Même si les indépendants, gérants ou administrateurs de société sont rarement malades, personne n’est à l’abri d’un accident.
 
L’immobilisation d’un dirigeant de société qui le conduit à être en incapacité partielle ou totale conduit souvent tant la société que le dirigeant de société à une situation difficile et parfois même catastrophique sur le plan économique.
 
Comme tout un chacun, le dirigeant de société est confronté à des obligations budgétaires mensuelles pour faire face aux besoins de sa famille, au remboursement de son prêt hypothécaire ou à toutes autres dépenses incompressibles.
 
La société a besoin de bénéficier du travail de son dirigeant d’entreprise dans la plupart des cas et très certainement dans toutes les sociétés où il y a un seul gérant actif ou un seul dirigeant actif.

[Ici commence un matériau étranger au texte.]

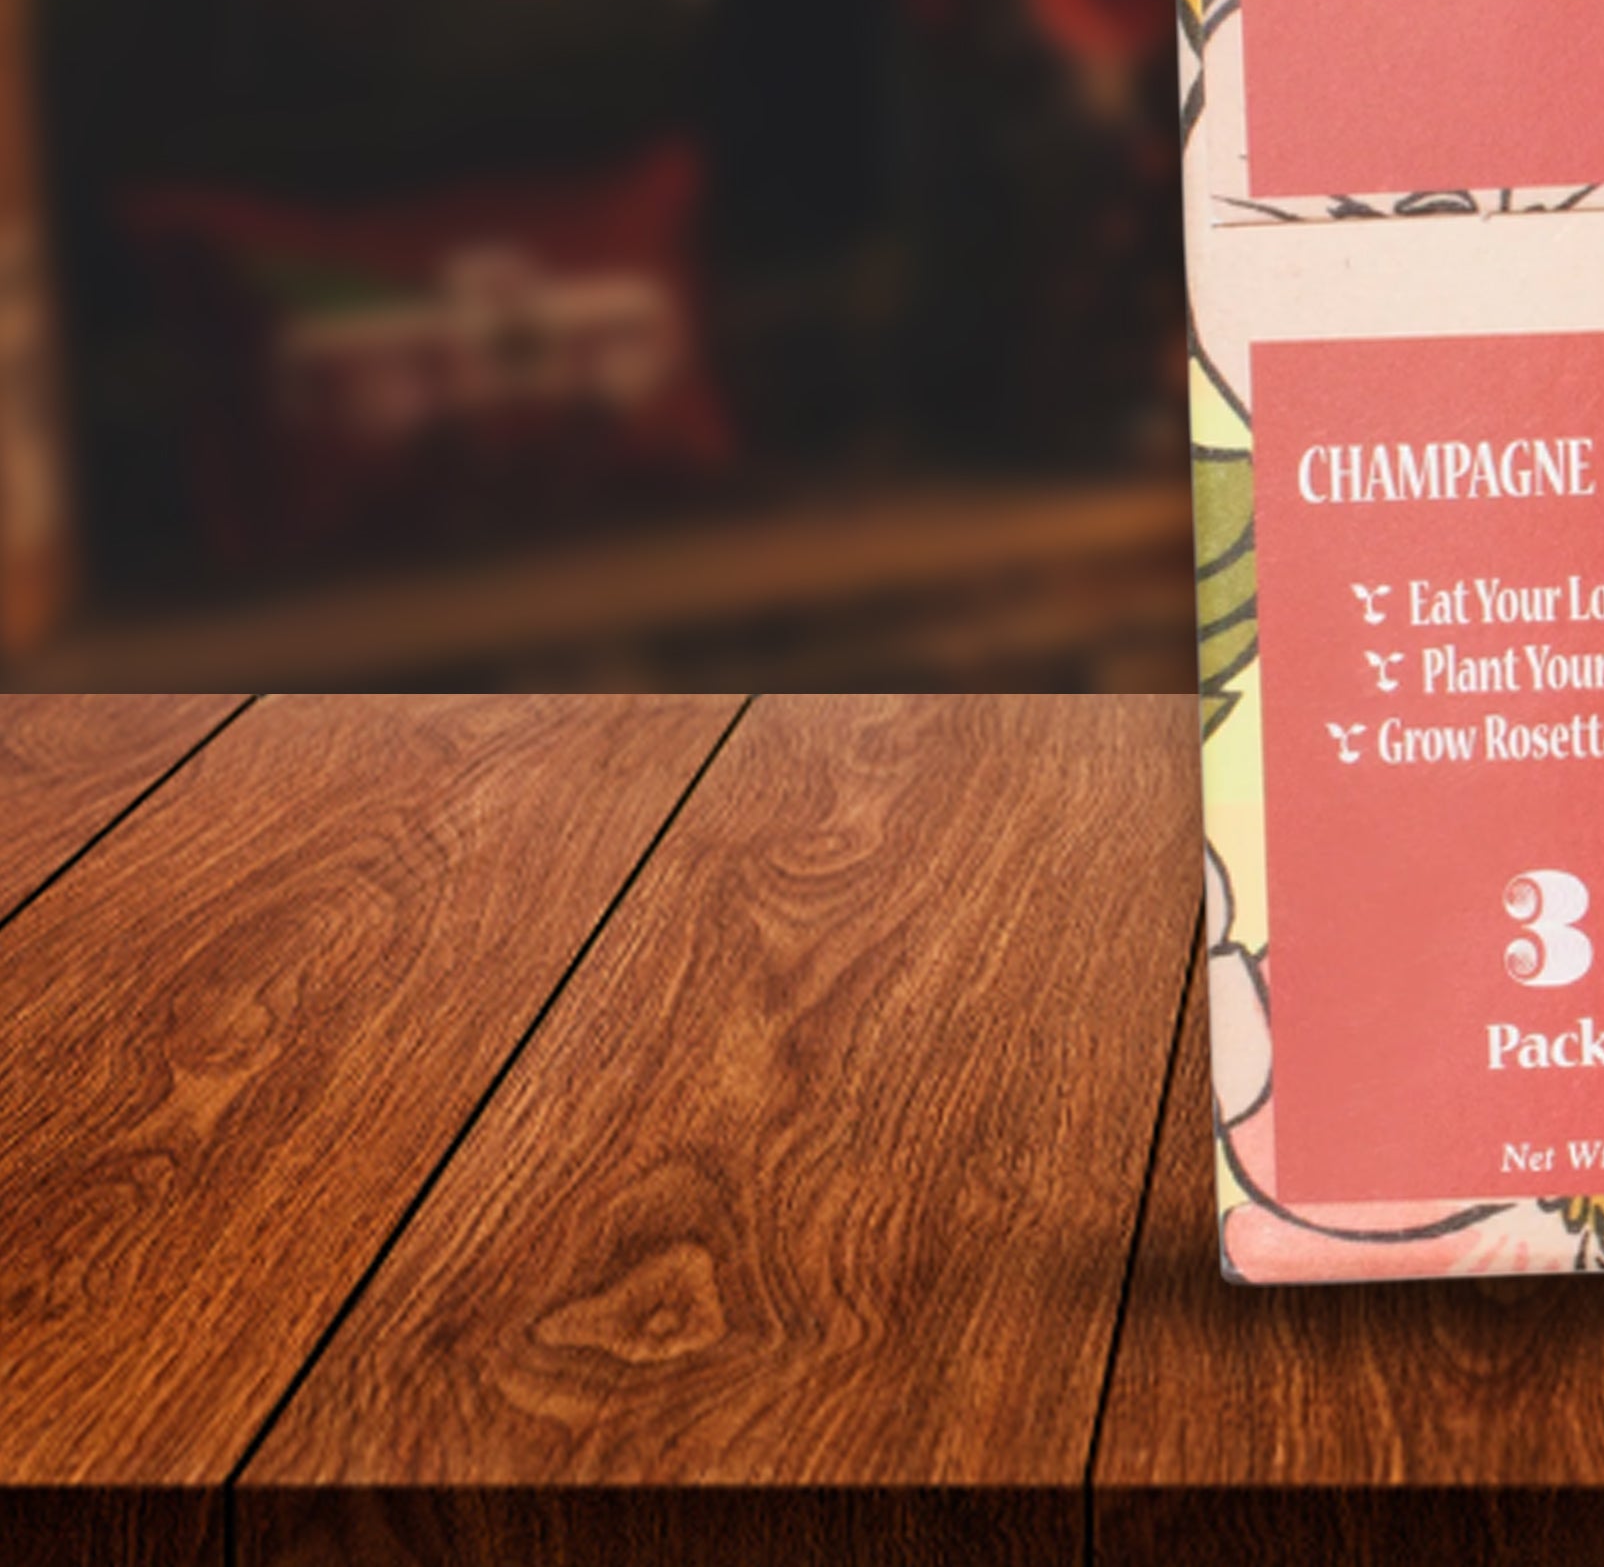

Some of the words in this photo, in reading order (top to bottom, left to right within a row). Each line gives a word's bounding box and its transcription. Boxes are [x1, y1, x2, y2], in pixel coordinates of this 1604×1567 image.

[1297, 437, 1596, 504] CHAMPAGNE
[1409, 580, 1472, 626] Eat
[1474, 576, 1562, 623] Your
[1422, 644, 1520, 694] Plant
[1377, 717, 1477, 765] Grow
[1503, 869, 1594, 988] 3
[1500, 1141, 1556, 1174] Net

QUE FAIRE LORSQUE LE DIRIGEANT DE SOCIETE EST DANS L'INCAPACITE DE TRAVAILLER SUITE A UN ACCIDENT DONT UN TIERS EST RESPONSABLE ?
 
La société doit-elle continuer à payer le dirigeant de société incapable de travailler, mais qui doit faire face à ses besoins quotidiens ?

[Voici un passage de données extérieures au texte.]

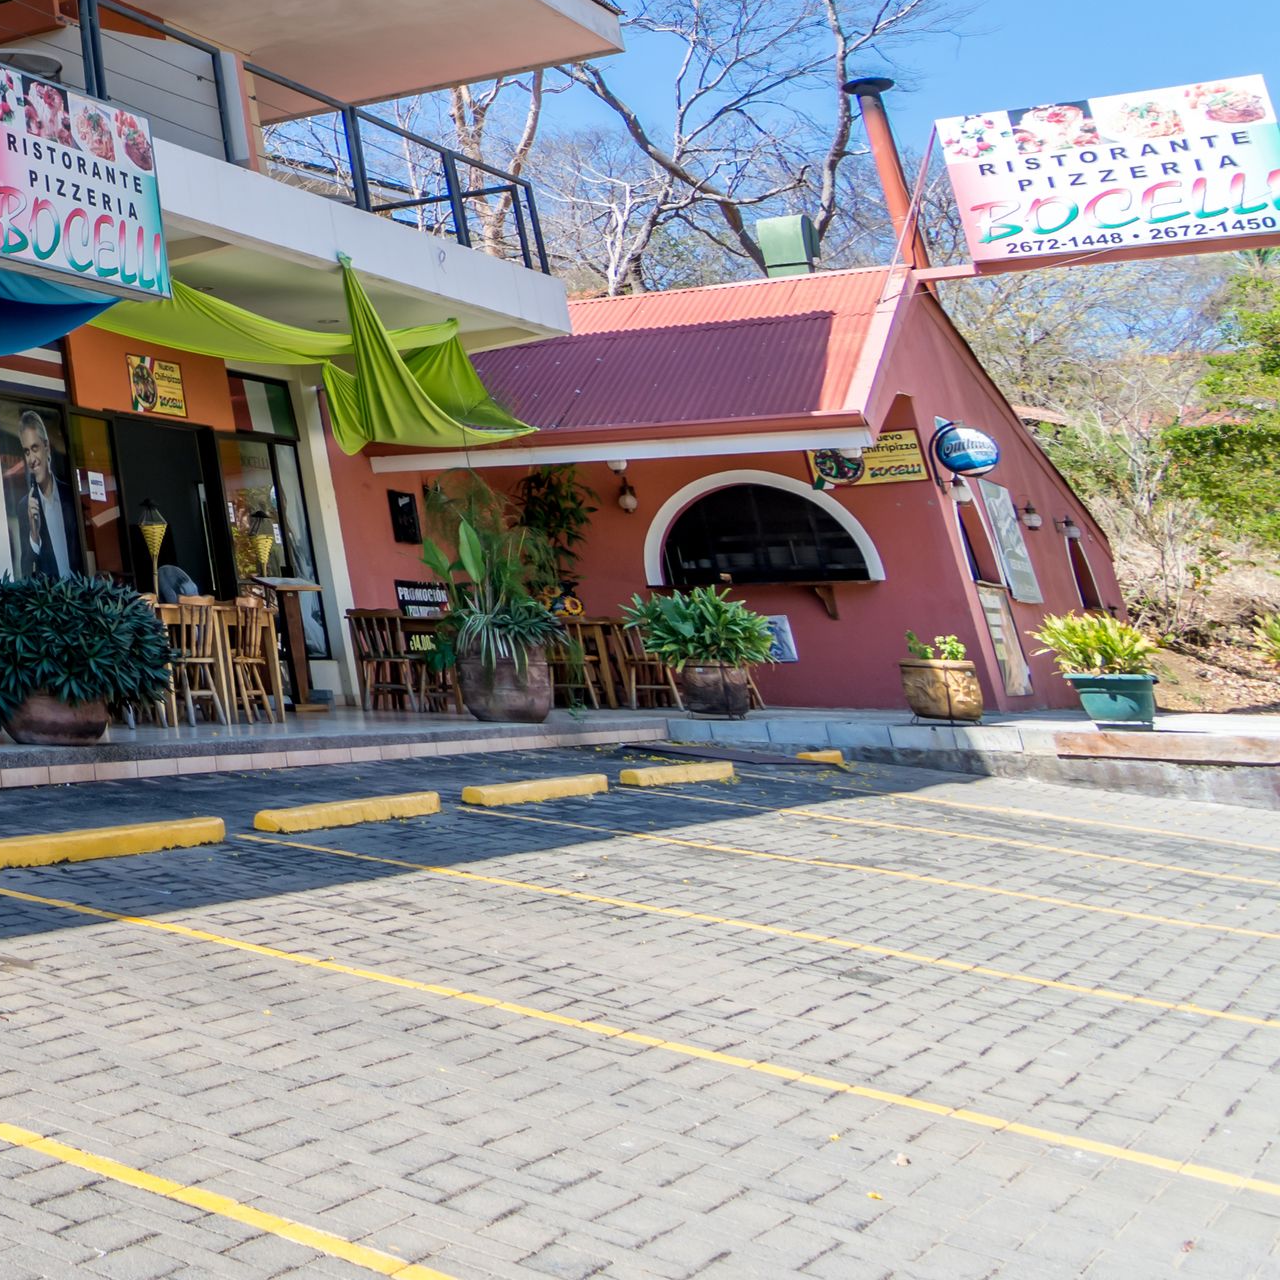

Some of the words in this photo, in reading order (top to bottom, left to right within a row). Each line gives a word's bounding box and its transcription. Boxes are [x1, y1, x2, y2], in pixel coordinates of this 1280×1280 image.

[6, 133, 143, 195] RISTORANTE
[978, 131, 1252, 176] RISTORANTE
[1018, 154, 1240, 192] PIZZERIA
[29, 170, 138, 220] PIZZERIA
[1006, 232, 1124, 255] 2672-1448
[1149, 216, 1277, 241] 2672-1450
[876, 433, 903, 442] ueva
[868, 463, 922, 478] BOCELLI
[397, 586, 448, 603] PROMOCIÓN

1. Dans certains cas et pour autant que la trésorerie de la société le permette, la société continue à payer son dirigeant comme s’il n’était pas en incapacité de travail, afin qu’il puisse continuer à faire face à tous ses besoins domestiques.
 
Dans ce cas, la société subit un important dommage, puisqu’elle paie un dirigeant qui est incapable de travailler et qui ne preste plus comme dirigeant de société actif.
 
Le dommage de la société peut encore grandir s’il est nécessaire et indispensable d’engager une autre personne pour faire le travail.
 
C’est par exemple le cas d’un artisan qui est l’associé dirigeant actif de l’entreprise : peintre, plombier, électricien, … ou courtier d’assurances, assurant à la fois la gestion et la production de son entreprise.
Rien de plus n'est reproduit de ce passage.